On a simple practical level, recognising the intrinsic nature of one’s partners is the single most important element, i.e. if they are inclined to be flighty, move a lot, jump opportunities… it won’t help to pin them down. But how do you know? Thus the ‘trying out’/getting to know.
I am myself only just starting to look at the kinds of businesses that play to the strengths of being a digital nomad, however I’m really more interested in the models and architectures of systems rather than the money and markets so hell, what you’re talking about I would myself probably benefit from.
Coworking spaces alone probably aren’t ideal for sourcing potential partners, which is why I like your idea of having a dedicated space (as with my model, if fixed), but perhaps running it more as a program or ‘fellowship’, into which interested people can apply, try out, and maybe graduate as a partner. I’ve actually been playing with the idea of a cooperative for a wider scope, but maybe yours leads to coownership… nonetheless recruitment is always an overhead for a business. Minimising its investment isn’t recommended, look at how large corps are now investing in ‘labs’ and internal coworking space to avoid being left behind. If anything we cary more risk from market change by being independent so we can either carry on by pivoting, or build resilience (and expand opportunity) through teams.

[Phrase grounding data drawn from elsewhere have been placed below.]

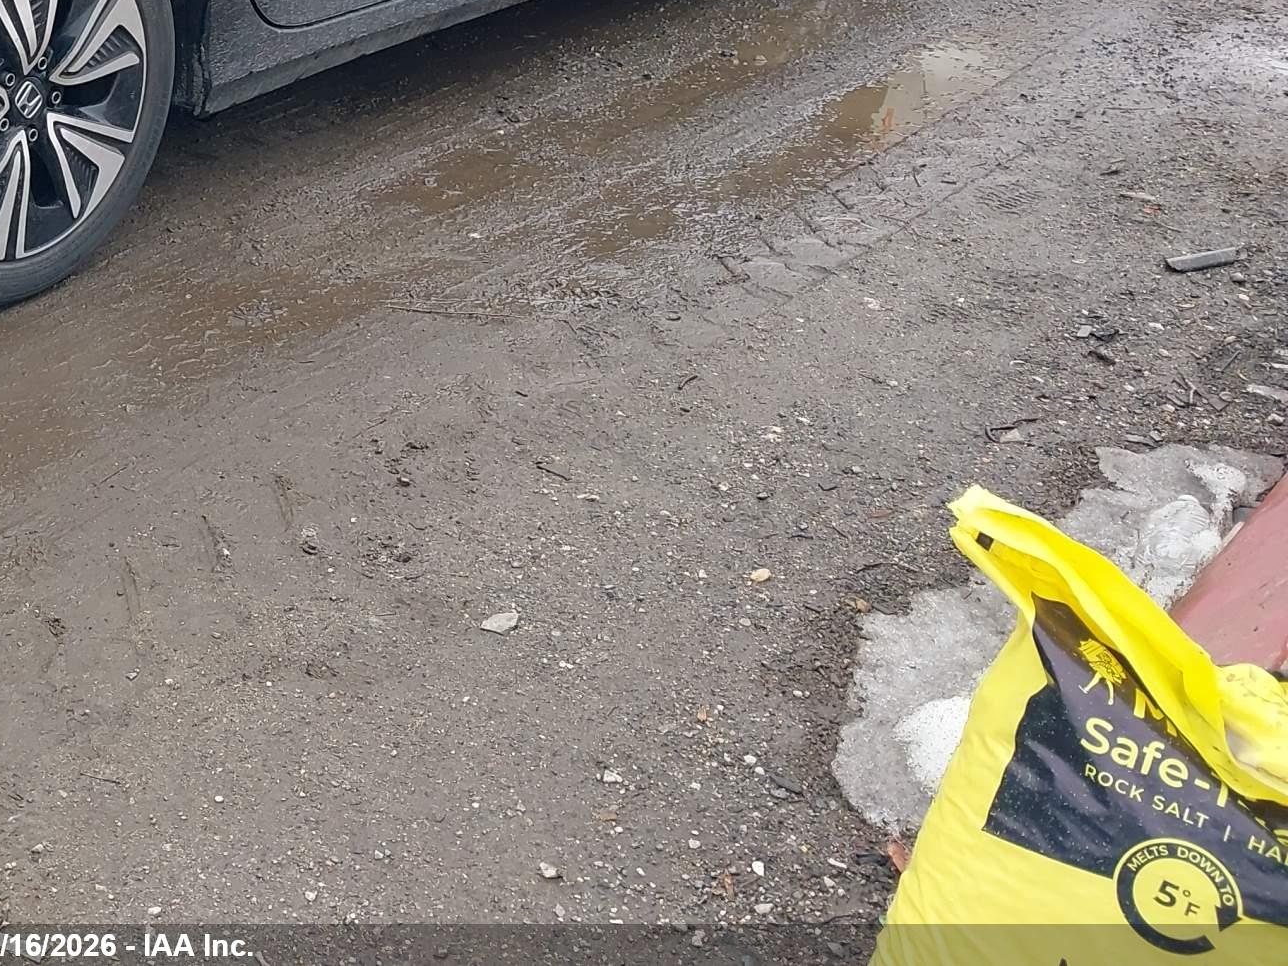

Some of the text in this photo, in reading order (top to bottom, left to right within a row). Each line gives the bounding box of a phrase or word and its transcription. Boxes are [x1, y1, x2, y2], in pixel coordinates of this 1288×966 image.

[1085, 764, 1145, 802] ROCK
[1152, 795, 1209, 828] SALT
[1127, 845, 1235, 907] MELTS DOWN TO
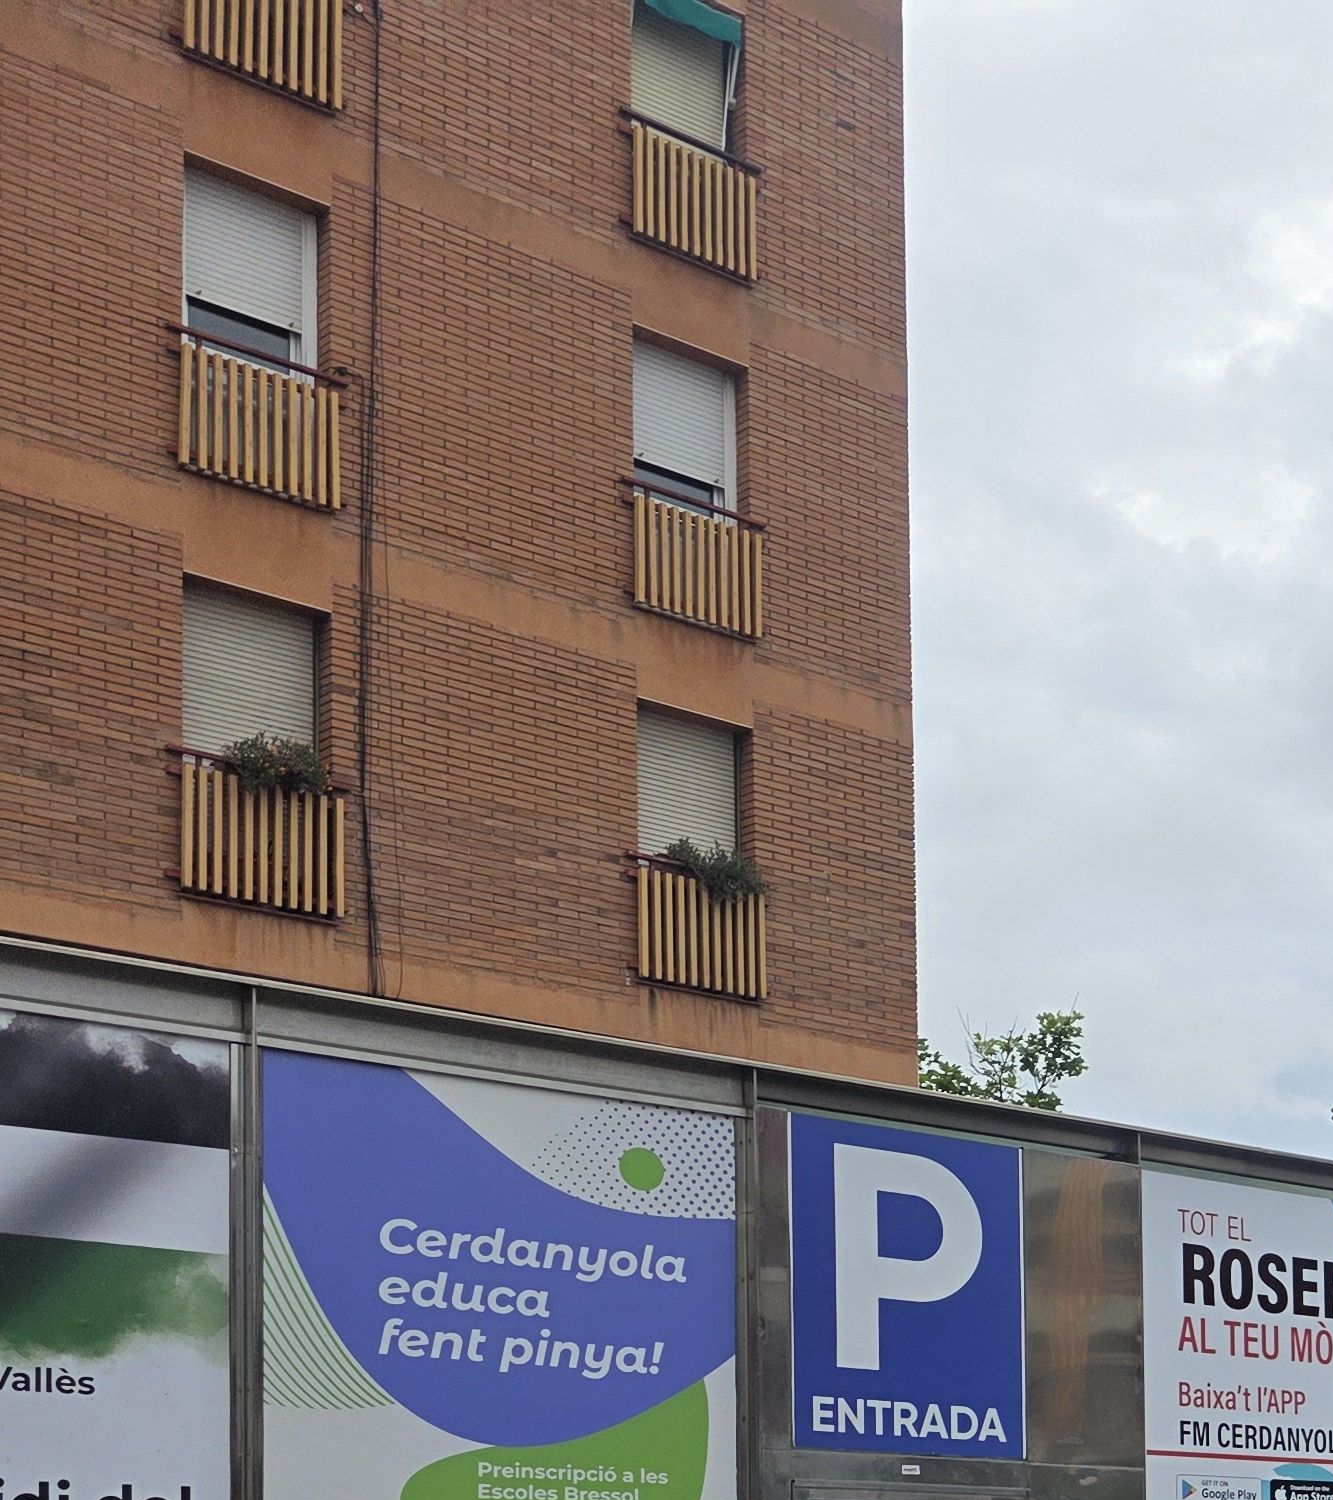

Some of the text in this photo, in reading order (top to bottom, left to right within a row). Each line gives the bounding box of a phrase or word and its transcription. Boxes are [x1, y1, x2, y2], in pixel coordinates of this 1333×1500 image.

[1177, 1209, 1252, 1241] TOT EL
[379, 1218, 687, 1283] Cerdanyola
[834, 1143, 983, 1370] P
[378, 1272, 550, 1318] educa
[378, 1318, 664, 1380] fent pinya!
[1178, 1316, 1216, 1354] AL
[1224, 1320, 1279, 1360] TEU
[812, 1395, 1007, 1443] ENTRADA
[1180, 1420, 1210, 1447] FM
[478, 1462, 669, 1485] Preinscripció a les
[478, 1484, 558, 1500] Escoles
[1201, 1488, 1235, 1500] Google

We arguably have access to an immensely flexible, capable and innovative network, but it’s that very flexibility that could be an operational issue unless you can incorporate and reward it. Maybe by starting multiple businesses you would be.

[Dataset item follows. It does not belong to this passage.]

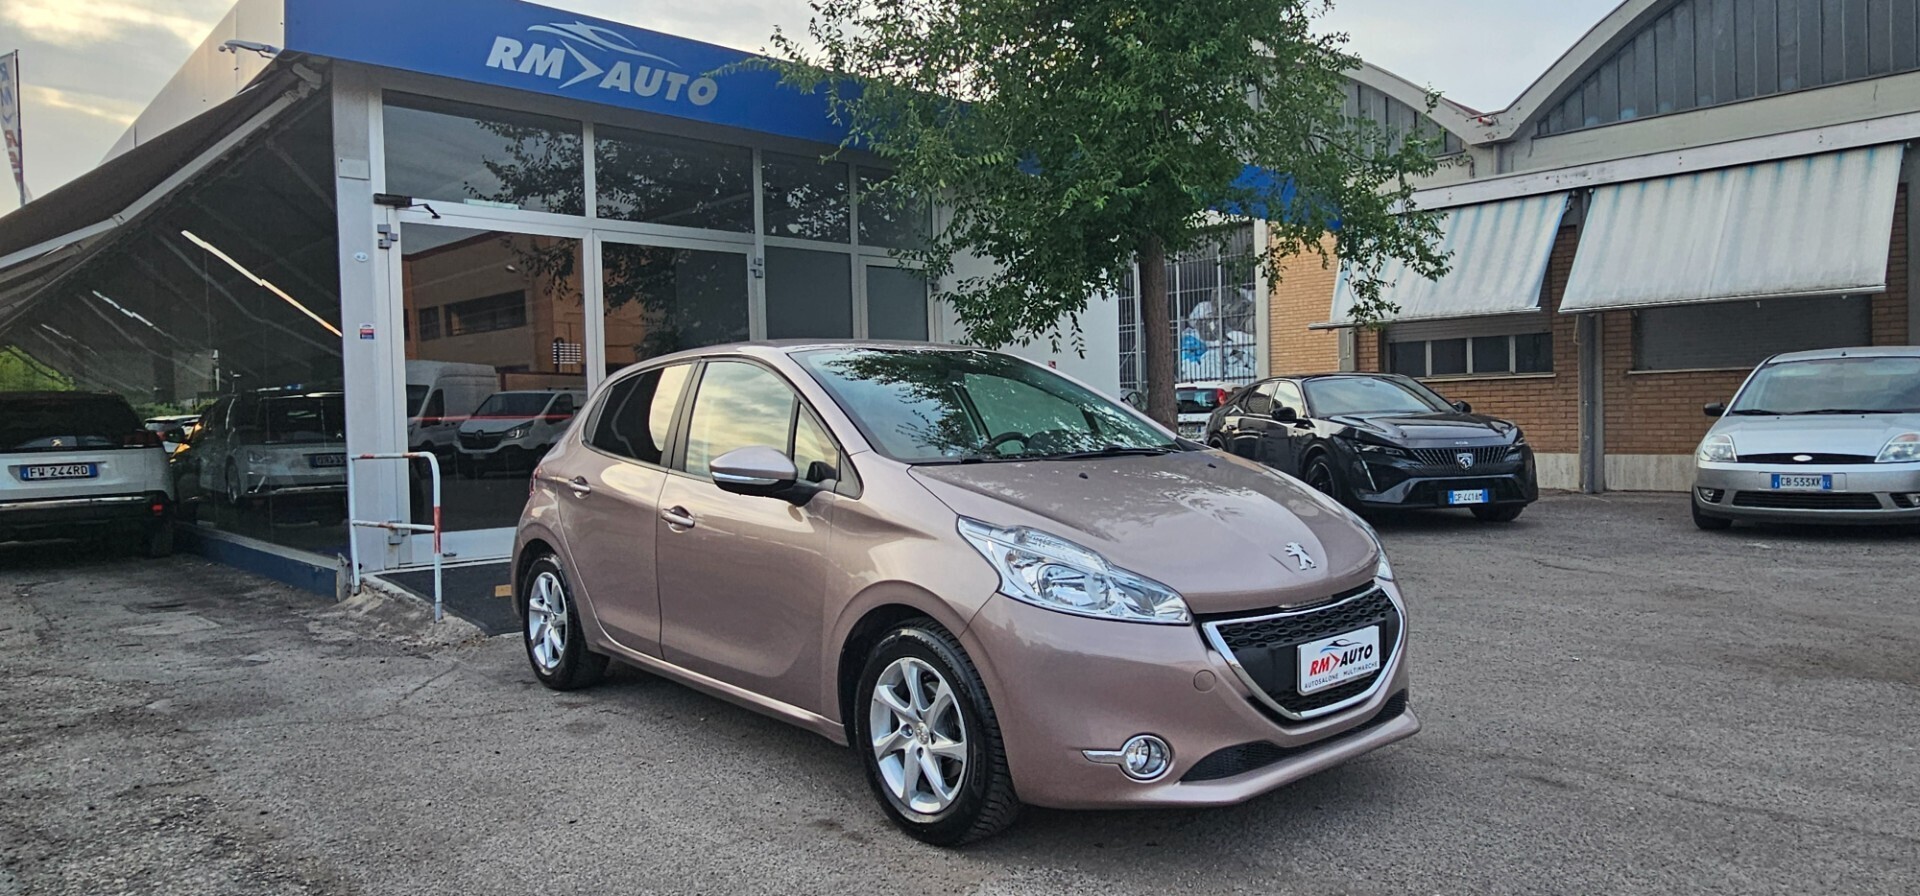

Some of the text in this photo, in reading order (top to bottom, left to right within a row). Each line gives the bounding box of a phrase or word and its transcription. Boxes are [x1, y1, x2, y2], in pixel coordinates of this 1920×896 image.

Camps and other such events might be better than cowo spaces as participants are typically looking to learn/join/pivot in some manner and you could be the catalyst or enabler… and in a good position to evaluate their immersion.
I would also be inclined to suggest a distributed team that gets together regularly for camps to work on specific targets and build inter-personal capabilities, rather than attempting to keep a nomadic team together for longer. When I do other’s projects (on contract) I much prefer creating a base and having local talent there whilst I carry on taking trips away and leaving them to it, but I’ve never worked directly with other nomads who it seems would always be in less of a simple employer-employee arrangement (with its risk).

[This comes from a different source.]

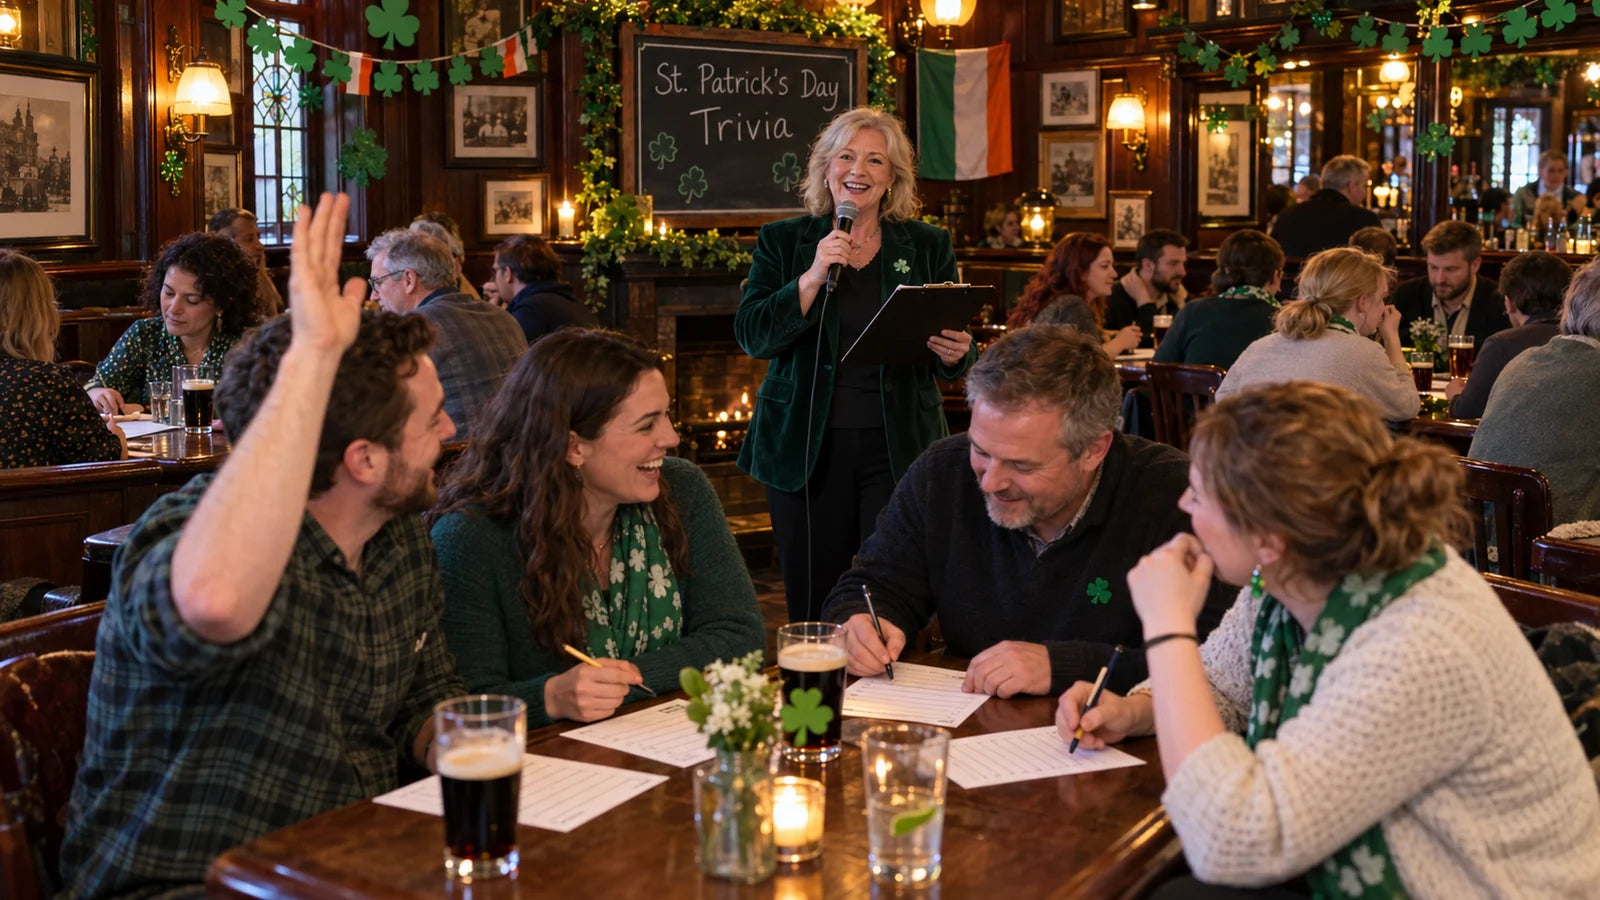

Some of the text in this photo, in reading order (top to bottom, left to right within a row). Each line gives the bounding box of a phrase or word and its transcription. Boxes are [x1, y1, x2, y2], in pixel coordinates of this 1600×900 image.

This is all philosophical. Keep talking to more people and see how it goes, as @arman said, being open and clear wth your intentions will certainly help maximise any potential you encounter. Personally, and as a nomad, I value my independence (yet not always!), worse, as a long-time tech professional (20yrs) I am now quite selective about what projects I take on. However as the DN community grows there will be more and more people who prefer to work and grow as a team. Indeed continuing to try and do this independently is almost self-destructive. There’s definitely something in leveraging this. @levelsio is just launching ‘matchmaker’, and I wouldn’t be surprised if down the line could incorporate projects/biz partners. There are other platforms doing that to some extent already… I can’t remember which right now but not necessarily aligned with this community if that transpires to be of importance.
@arman I saw you mentioned Morocco, I’m planning on doing a nomadbase there, I’d love to hear of your experience interacting with existing and potential LIPs and entrepreneurs, and indeed attitudes of people visiting, if any?